CHICAGO, Illinois—On the heels of the bloodiest spate of violence in this city all year, Attorney General Eric Holder announced on Thursday that a cadre of seven additional Bureau of Alcohol, Tobacco, Firearms and Explosives (ATF) agents would be deployed to the Chicago field office.
The move to beef up the city’s crime fighting power comes just weeks after at least 82 people were shot and 16 killed over the long Fourth of July weekend, and amid mounting pressure on city, state and federal officials to tamp down Chicago’s rampant gun violence.
“The Department of Justice will continue to do everything in its power to help the city of Chicago combat gun violence,” Holder said in a statement announcing the deployment of the agents. “These new agents are a sign of the federal government's ongoing commitment to helping local leaders ensure Chicago's streets are safe.”
"These new agents are a sign of the federal government’s ongoing commitment to helping local leaders ensure Chicago’s streets are safe."'
Despite an overall dip in crime from last year, bloodshed in many of the city’s poorest neighborhoods continues to be relentless. While murders are down 6% from last year, shootings are up 5%, concentrated in just a handful of communities mostly on the city’s west and south sides, according to police.
Police Superintendent Garry McCarthy has said that getting control of shooting incidents is critical to the department’s efforts. McCarthy told msnbc earlier this year that a new surge of officers in the most gun-weary neighborhoods and bolstered intelligence and community relations were showing signs of success in the department’s efforts to slow the bloodletting.
Yet, the drumbeat of gun violence has continued unabated.
The new agents announced today will bring the total number currently assigned to Chicago to 52. The move is just the latest from outside of the Chicago Police Department to address violent crime concerns.
In June, the ATF opened the Chicago Crime Gun Intelligence Center, which pools the resources and efforts of city and state police, as well as the ATF to target illegal gun sales and trafficking across the state. According to officials, about 60% of the illegal weapons used in crimes in Chicago originate from out of state, while the remaining flow comes from neighboring counties where gun laws are more lax than the city’s. And the FBI currently has more than 100 agents on the ground focused on gang and violent crimes.
Earlier this year, after a particularly bloody Easter weekend in which nine people were killed and at least 35 were wounded, including six children, the U.S. Attorney’s Office formed a specialized new unit staffed by more than a dozen prosecutors tasked with using federal law to bring heftier prosecution of gun traffickers and those whom they supply.
The new ATF agents assigned to the city will work in a similar manner.

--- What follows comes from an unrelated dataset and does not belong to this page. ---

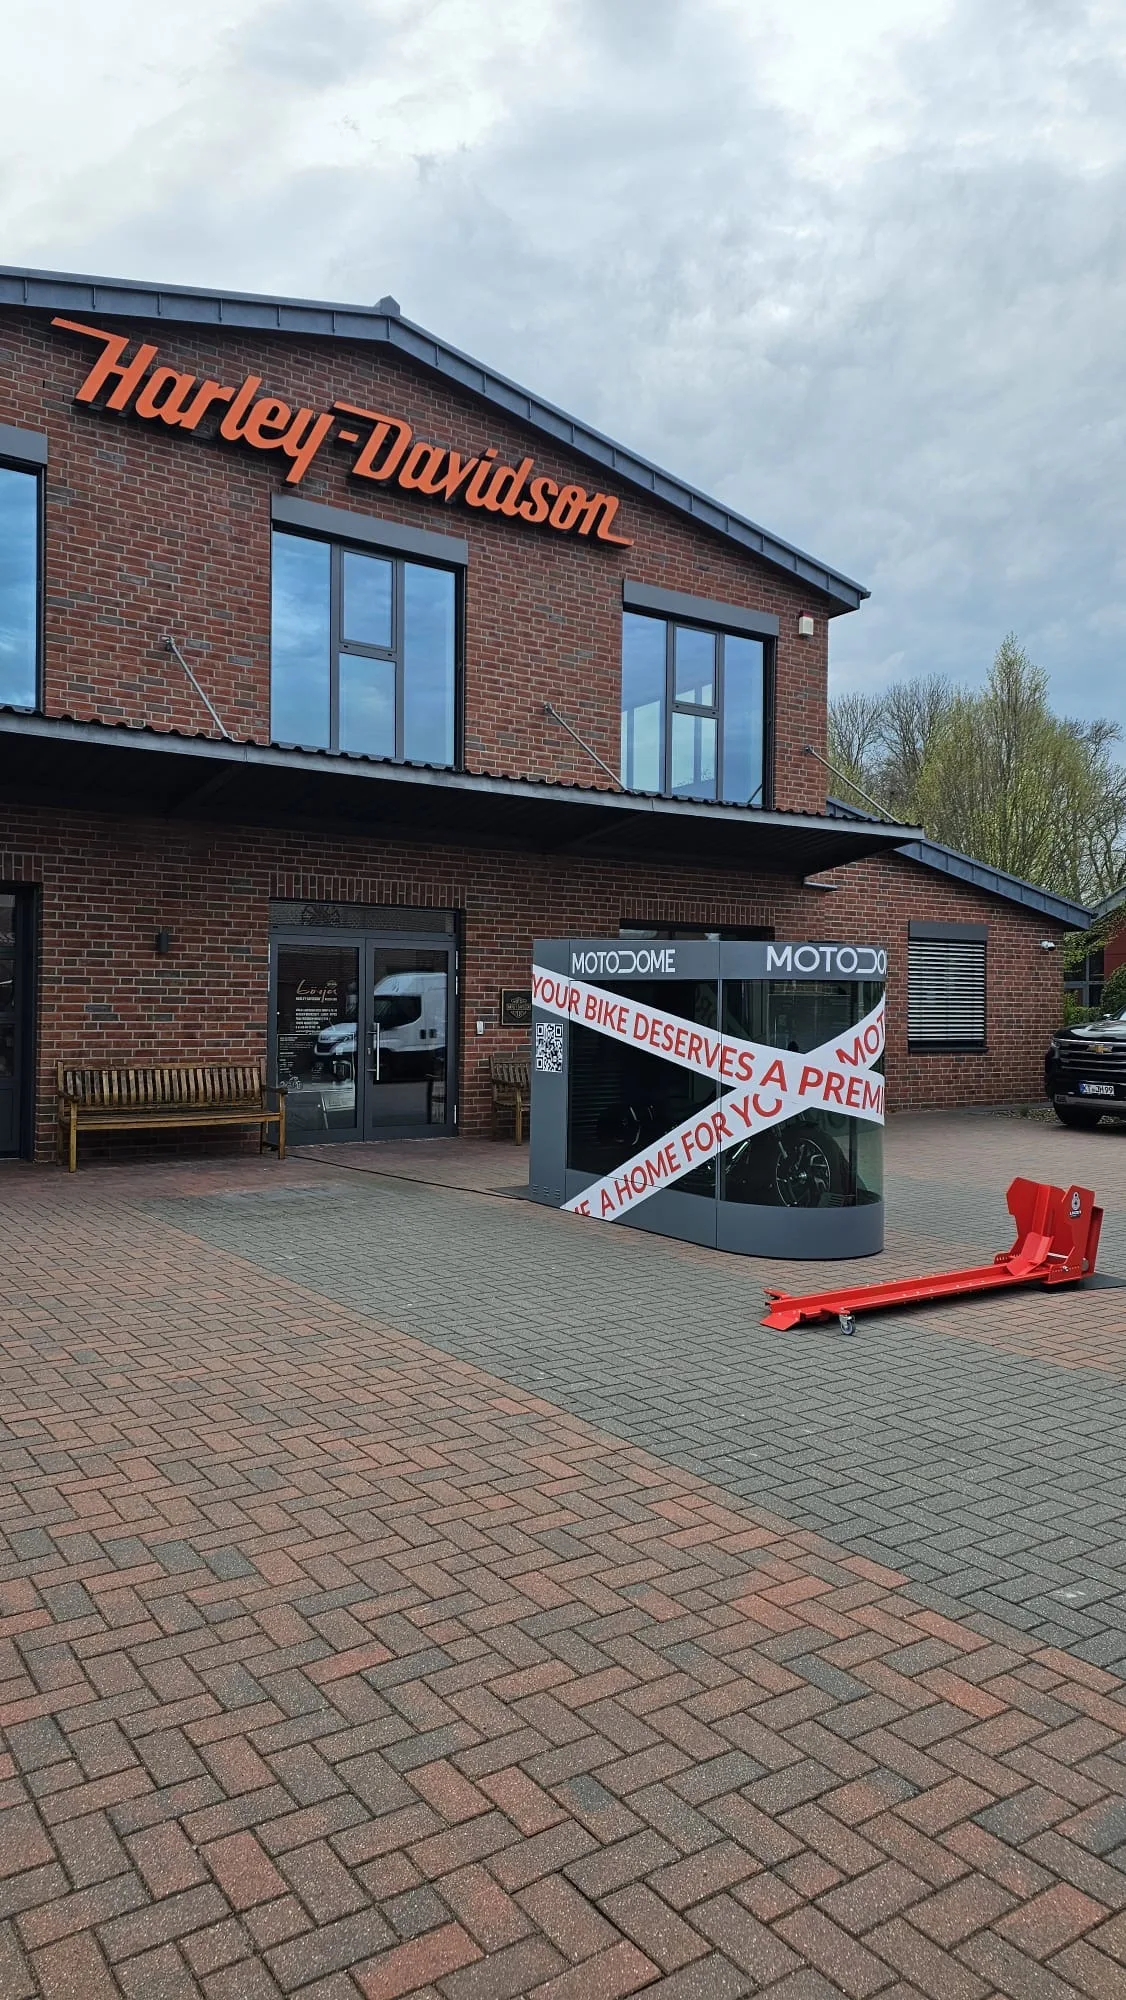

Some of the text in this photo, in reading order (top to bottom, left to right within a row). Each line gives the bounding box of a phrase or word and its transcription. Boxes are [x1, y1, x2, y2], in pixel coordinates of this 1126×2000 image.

The agents will concentrate on identifying traffickers and enforcing gun laws, while trying to stem the supply of illegal guns that “end up in the hands of gang members and other violent criminals,” the DOJ statement reads.
“ATF's commitment to targeting traffickers and trigger pullers in Chicago is bolstered by these additional resources,” ATF Director B. Todd Jones said in a statement. “These resources, combined with ATF's Crime Gun Intelligence Center, will strengthen and build on our outstanding partnership with the Chicago Police Department and other local, state and regional law enforcement to bring safety and justice back to the community.”
“We have enjoyed an ever-improving and increasingly productive relationship with our federal partners,” Superintendent McCarthy said. “We look forward to continuing that relationship and welcoming additional personnel in our ongoing efforts to ensure everyone in Chicago enjoys the same sense of safety.”
The focus on gangs has long been a priority for police in Chicago, where a long history of gang involvement has made the city one of the nation’s epicenters of gang activity. Over the past decade, federal prosecutors and police have dismantled many of the city’s most powerful gangs by putting many of their leaders behind bars for long prison terms under various mandatory minimum sentences. Yet police say gangs remain the source of much of the city’s gun violence.
Many in the communities hit hardest by gun violence counter those claims, saying that old-school gangs like the notorious Gangster Disciples are no longer relevant and instead neighborhood cliques with young leaders who lack the discipline of earlier iterations of the gangs are shooting willy-nilly and with impunity.
“It ain’t like it used to be,” a longtime resident of the far south side Rosedale neighborhood, also known as the Wild 100s, told msnbc on Wednesday. “Nobody can control them. They don’t listen to nobody, just out here shooting. Back in the day you had to get permission to go after somebody. It’s not like that now, they shoot first.”